**DIRECTIONS**
Gather up every line from the entries below that uses the word "phrase".

━━━━━ DATA FOR ANALYSIS ━━━━━

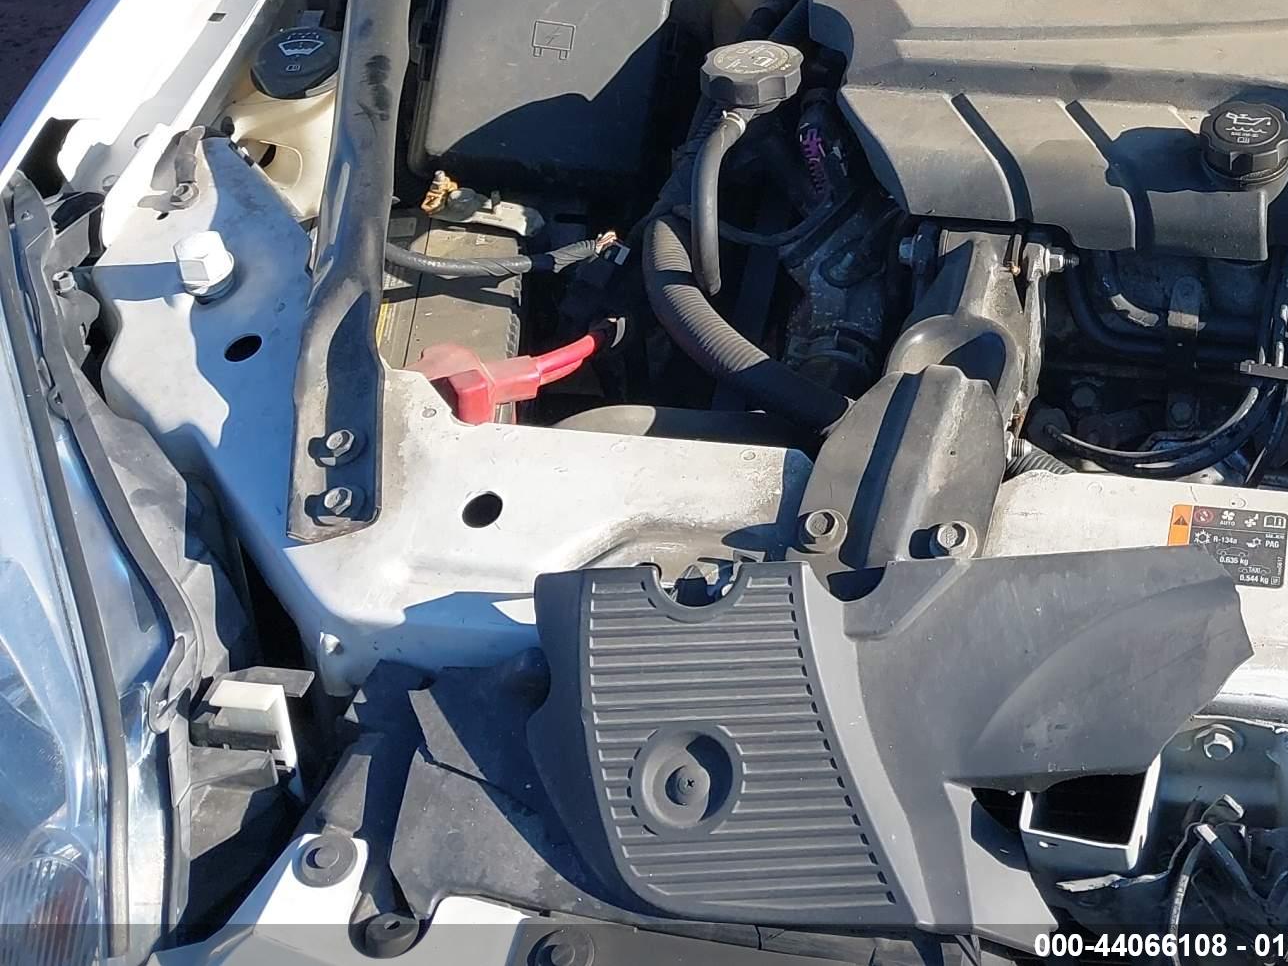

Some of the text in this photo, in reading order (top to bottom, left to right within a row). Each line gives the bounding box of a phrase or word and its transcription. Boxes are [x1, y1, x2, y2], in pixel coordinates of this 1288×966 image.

━━━━━
━━━━━ DATA FOR ANALYSIS ━━━━━

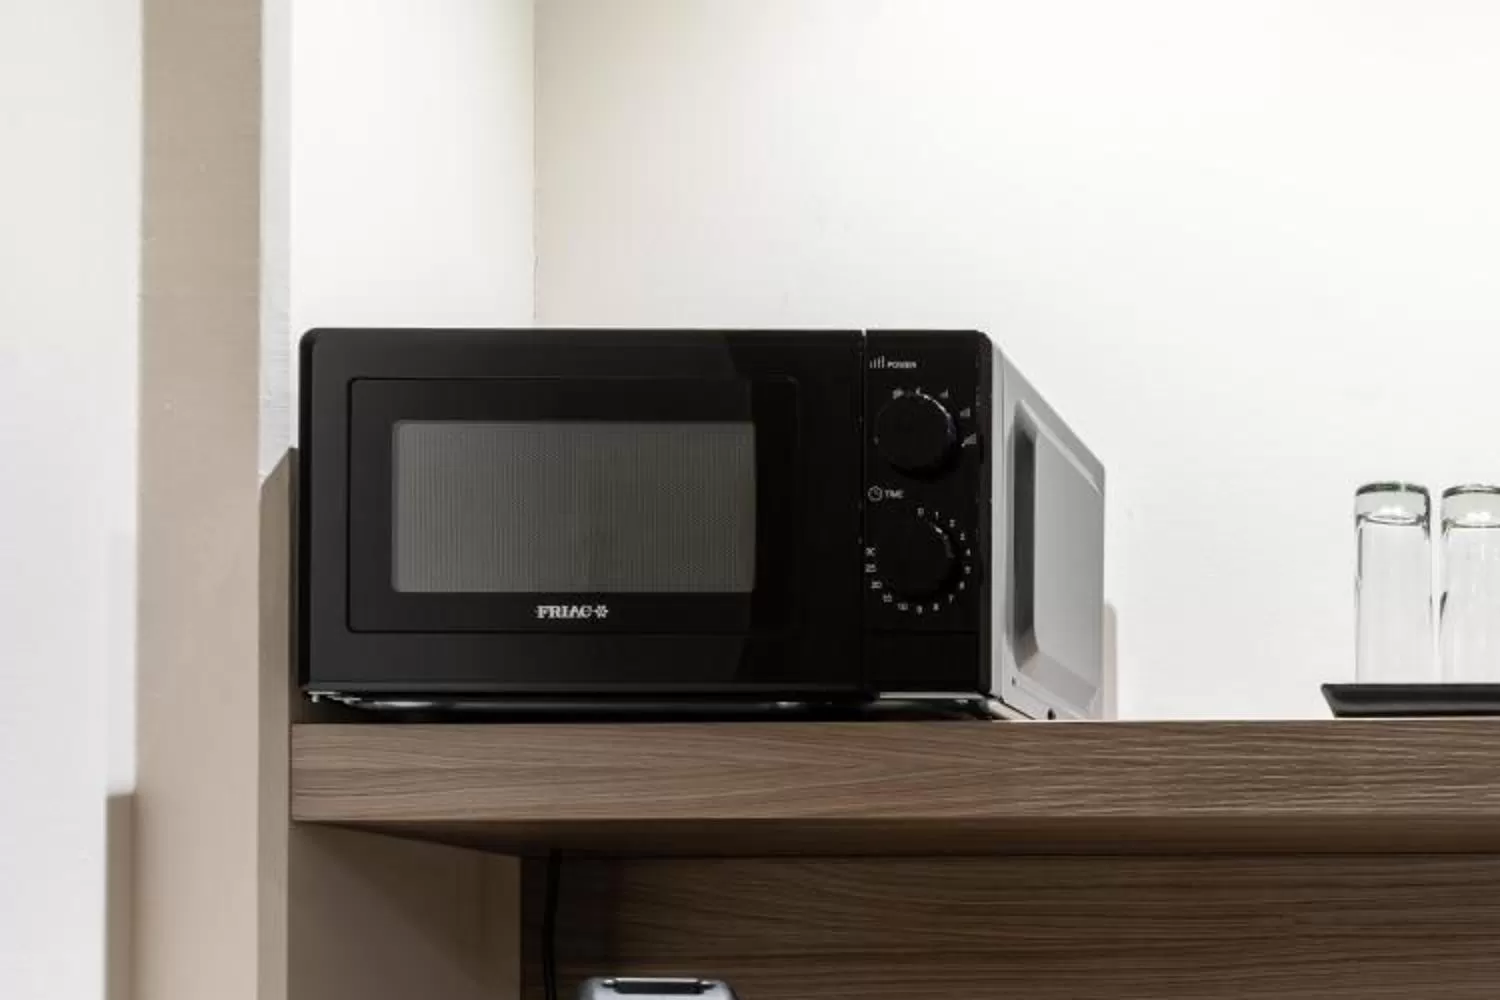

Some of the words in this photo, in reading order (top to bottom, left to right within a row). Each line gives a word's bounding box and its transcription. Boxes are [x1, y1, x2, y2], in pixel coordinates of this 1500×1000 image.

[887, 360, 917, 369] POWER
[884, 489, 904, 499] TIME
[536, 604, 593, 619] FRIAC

━━━━━
━━━━━ DATA FOR ANALYSIS ━━━━━

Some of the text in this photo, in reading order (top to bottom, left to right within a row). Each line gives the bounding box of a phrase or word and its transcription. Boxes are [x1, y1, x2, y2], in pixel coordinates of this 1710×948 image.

━━━━━

**TASK SOLUTION**
Some of the text in this photo, in reading order (top to bottom, left to right within a row). Each line gives the bounding box of a phrase or word and its transcription. Boxes are [x1, y1, x2, y2], in pixel coordinates of this 1288×966 image.
Some of the text in this photo, in reading order (top to bottom, left to right within a row). Each line gives the bounding box of a phrase or word and its transcription. Boxes are [x1, y1, x2, y2], in pixel coordinates of this 1710×948 image.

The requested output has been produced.